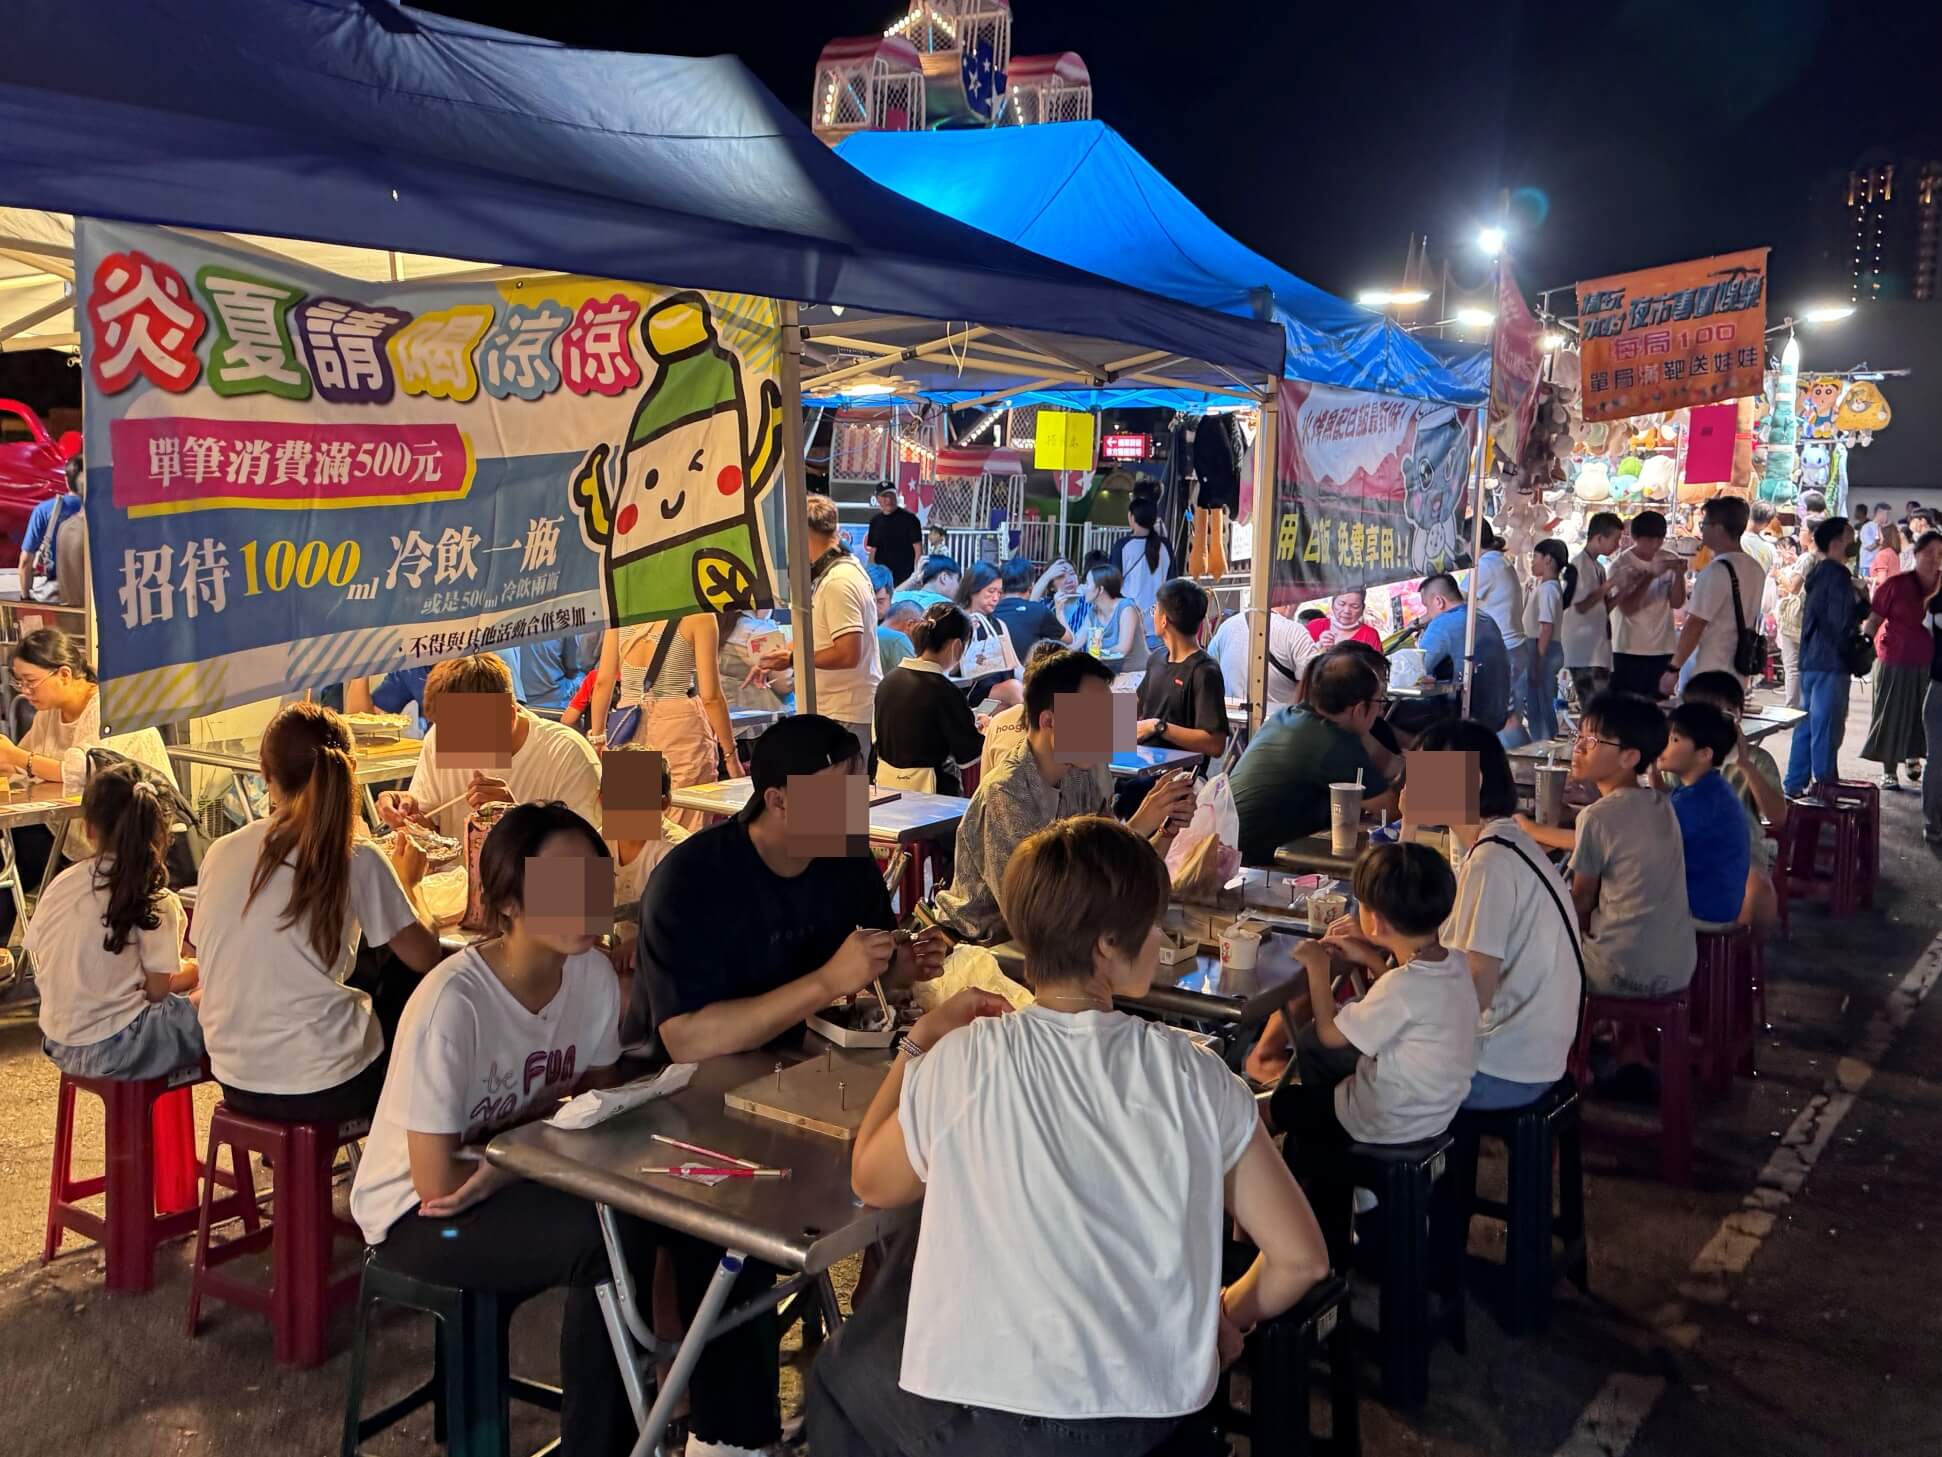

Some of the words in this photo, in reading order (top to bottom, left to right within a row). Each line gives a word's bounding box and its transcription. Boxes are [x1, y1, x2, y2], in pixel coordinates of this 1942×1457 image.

[1590, 347, 1759, 393] 單局滿靶送娃娃
[149, 437, 443, 487] 單筆消費滿500元
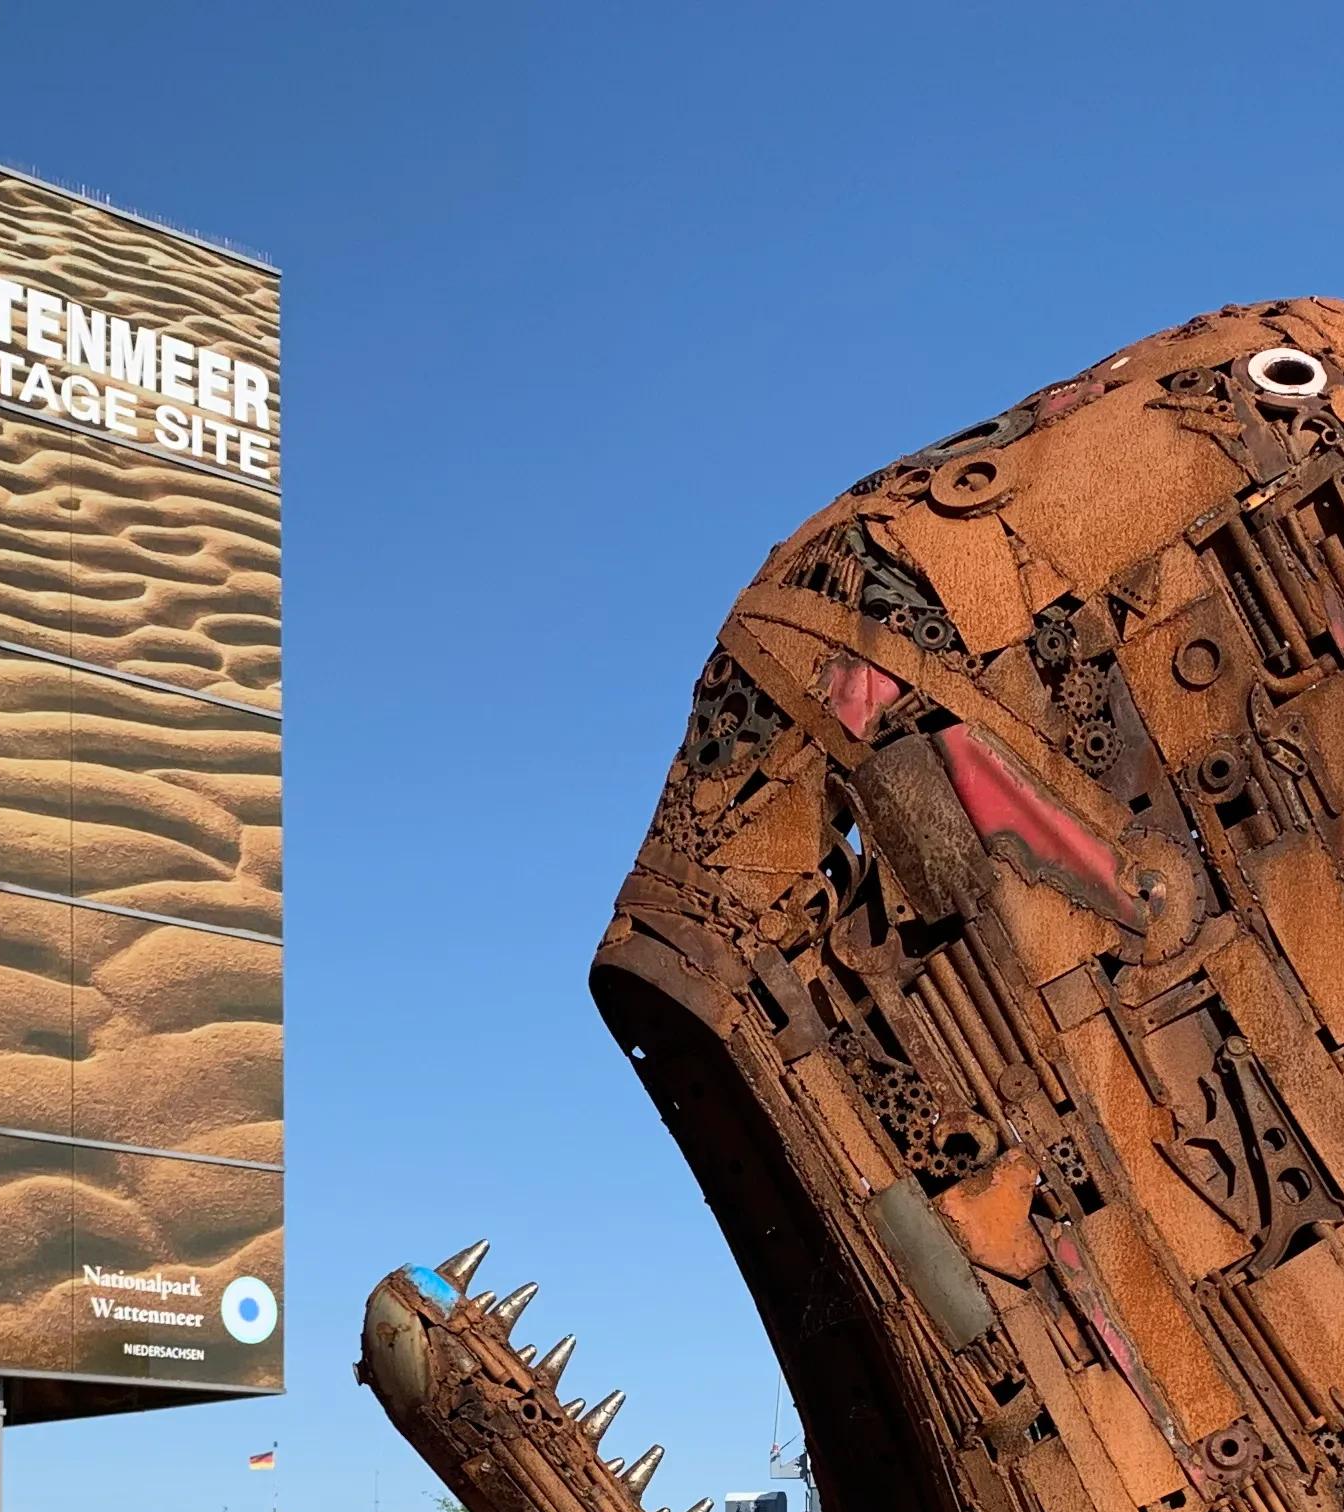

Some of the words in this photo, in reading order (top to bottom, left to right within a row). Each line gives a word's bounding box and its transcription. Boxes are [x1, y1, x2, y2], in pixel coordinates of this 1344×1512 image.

[154, 405, 271, 480] SITE
[82, 1264, 203, 1300] Nationalpark
[89, 1297, 205, 1328] Wattenmeer
[123, 1343, 205, 1361] NIEDERSACHSEN

**Problem description:**
Everything above except the pictures must be restated exactly.

**Finished exercise:**
Some of the words in this photo, in reading order (top to bottom, left to right within a row). Each line gives a word's bounding box and its transcription. Boxes are [x1, y1, x2, y2], in pixel coordinates of this 1942×1457 image.

[1590, 347, 1759, 393] 單局滿靶送娃娃
[149, 437, 443, 487] 單筆消費滿500元

Some of the words in this photo, in reading order (top to bottom, left to right within a row). Each line gives a word's bounding box and its transcription. Boxes are [x1, y1, x2, y2], in pixel coordinates of this 1344×1512 image.

[154, 405, 271, 480] SITE
[82, 1264, 203, 1300] Nationalpark
[89, 1297, 205, 1328] Wattenmeer
[123, 1343, 205, 1361] NIEDERSACHSEN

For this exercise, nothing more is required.